Fred Diamond: Most people in sales think that the relationship is about sales, it’s about my job here is to have you become a customer of X hundred, thousands, or millions, whatever, over a certain period of time. You know what the reality is? We tell this to people all the time, sales is a long-term game. It’s a marathon. It’s not a sprint in a lot of cases. What is going to further your connection with the customer to build that trust? I really liked that answer. All right. Mona, you’re going to tell us number five.

Mona Neff: I would say, be consistent. Be out there. You don’t have to be there every day, but you do have to be out there a couple of times a week. And if you need to think through why that works, just think of it as an investment in time, and a sales call, and be focused on it. Don’t do it while you’re standing in line at the grocery store. Sit down and focus, have your goals with you, and then work it, twice a week, 15 minutes per day.

Fred Diamond: You don’t want to just slap something together, you want to be thoughtful. I like the idea of the consistency, not just from a post something every day, or every other day, whatever it might be, but be consistent in what you’re posting and how you post. As far as how you generate your posts, or your articles, or how you communicate, if you will. Your point of view, which then leads to being shown as either trusted, or as competent, or someone who’s truly an expert. Ann Marie, how about number six?

Ann Marie Beebout: Number six is about using hashtags. And I work with a lot of clients who ask me questions in our coaching sessions, and invariably, there’s one about hashtags. “What hashtags do I use? How do I know if it’s good? When do I use them?” The key is that LinkedIn uses hashtags like a theme that you follow. You follow one particular theme. You can choose #SoftwareDevelopment, and that’s a pretty big one. I would imagine that would have tens of thousands of followers, but it is a great hashtag to use when you’re posting about software, because you go out to a lot of people. The downside of a big hashtag is that’s like a really fast-moving river. Your post is only at the top of it for a tiny moment of time and someone has to catch it.

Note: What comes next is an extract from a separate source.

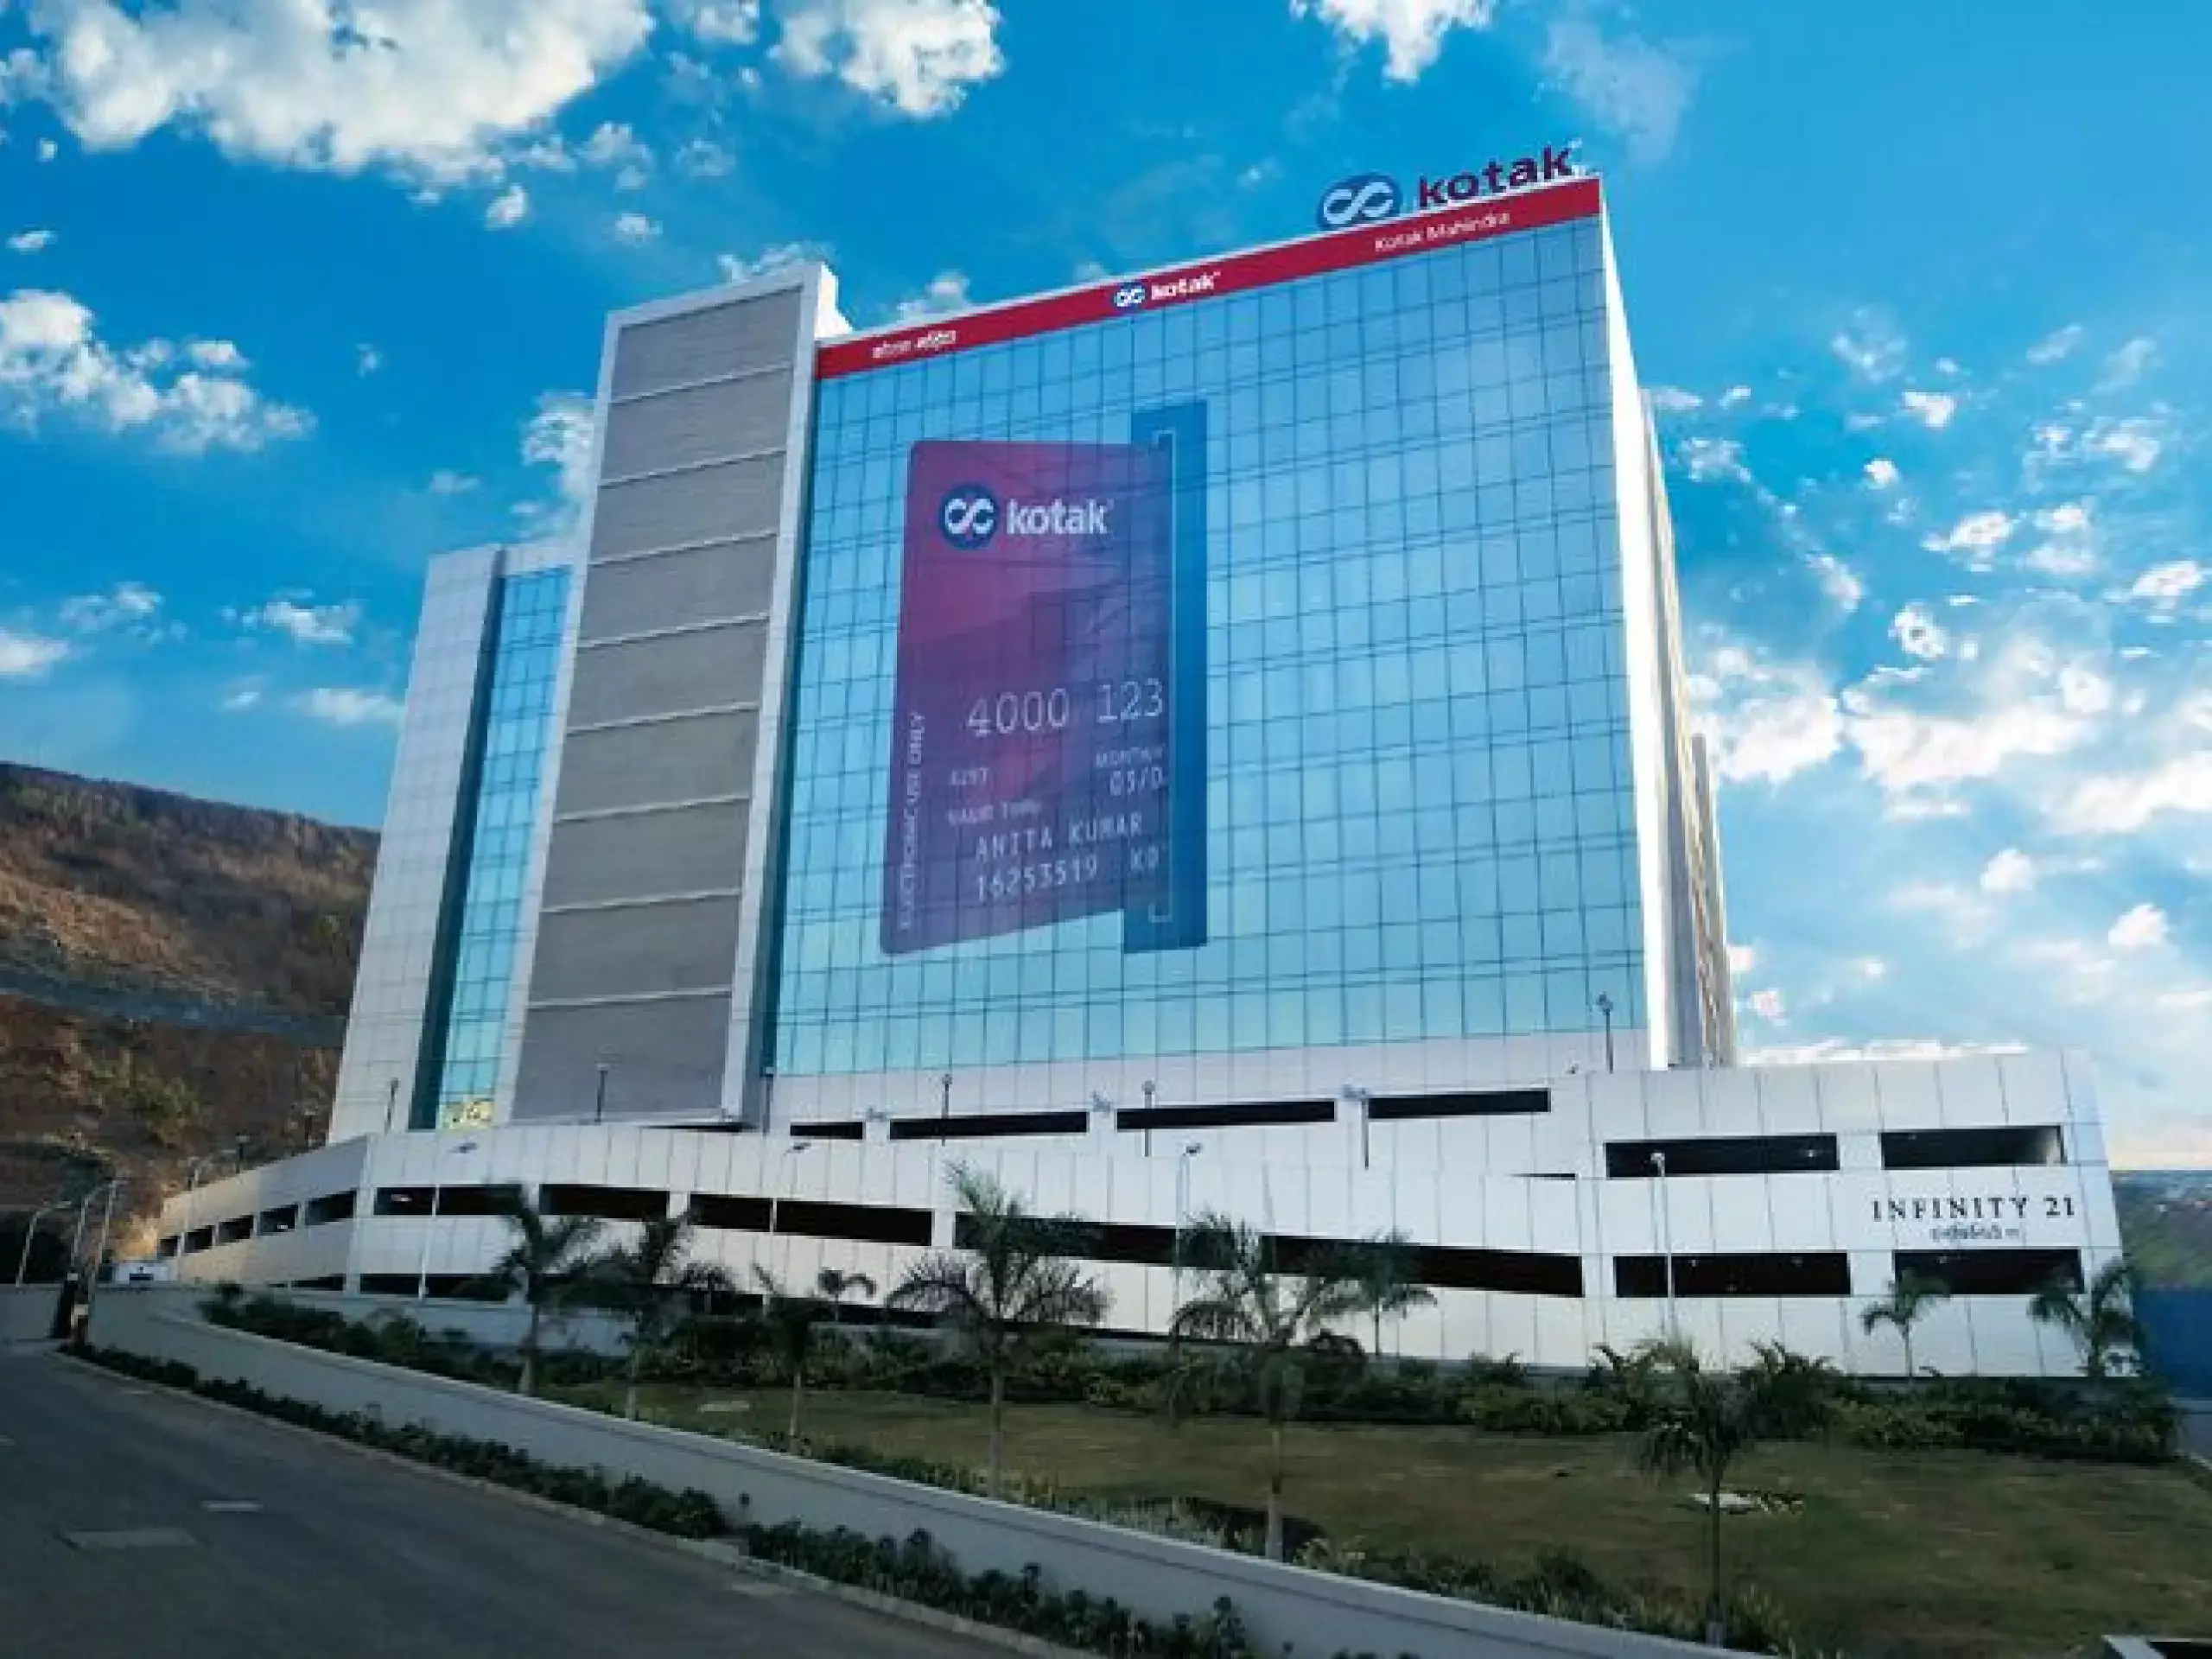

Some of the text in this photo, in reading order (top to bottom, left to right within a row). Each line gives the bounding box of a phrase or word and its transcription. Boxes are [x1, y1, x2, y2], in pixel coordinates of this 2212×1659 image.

But if you also find really small hashtags that are very niche, that are exactly the kind of software that you are developing, and there might be a couple of hundred people on that hashtag. But when you use it, then those couple of hundred people who are looking for exactly the information you have, they’re going to see your posts. The smaller niche-specific hashtags are also very helpful for finding new people to follow and to interact with, because that’s where the subject matter experts are going to be. That’s where the people who are inventing, creating, putting out there for the first time, that’s where they’re going to be, on those smaller hashtags. Investigate hashtags, click on the hashtag when someone uses it, and see, “Is this useful? Are there a lot of interesting posts in here that I want to read, that my clients might find interesting?” And start following some hashtags.

Fred Diamond: I like what you just said that, and it goes back to answer number three about building the network. There’s a couple of ways to think about sales. There’s building relationships with your customers. Then there’s building relationships with your partners. Yesterday on our Sales Game Changers live with Sandy Carter from Amazon Web Services, we talked about how critical the partner networks are. But there’s also, one of the great things about LinkedIn is you can find people with common interests. I’ve built this really nice network of people who post every day, and some of them really have nothing to do with me.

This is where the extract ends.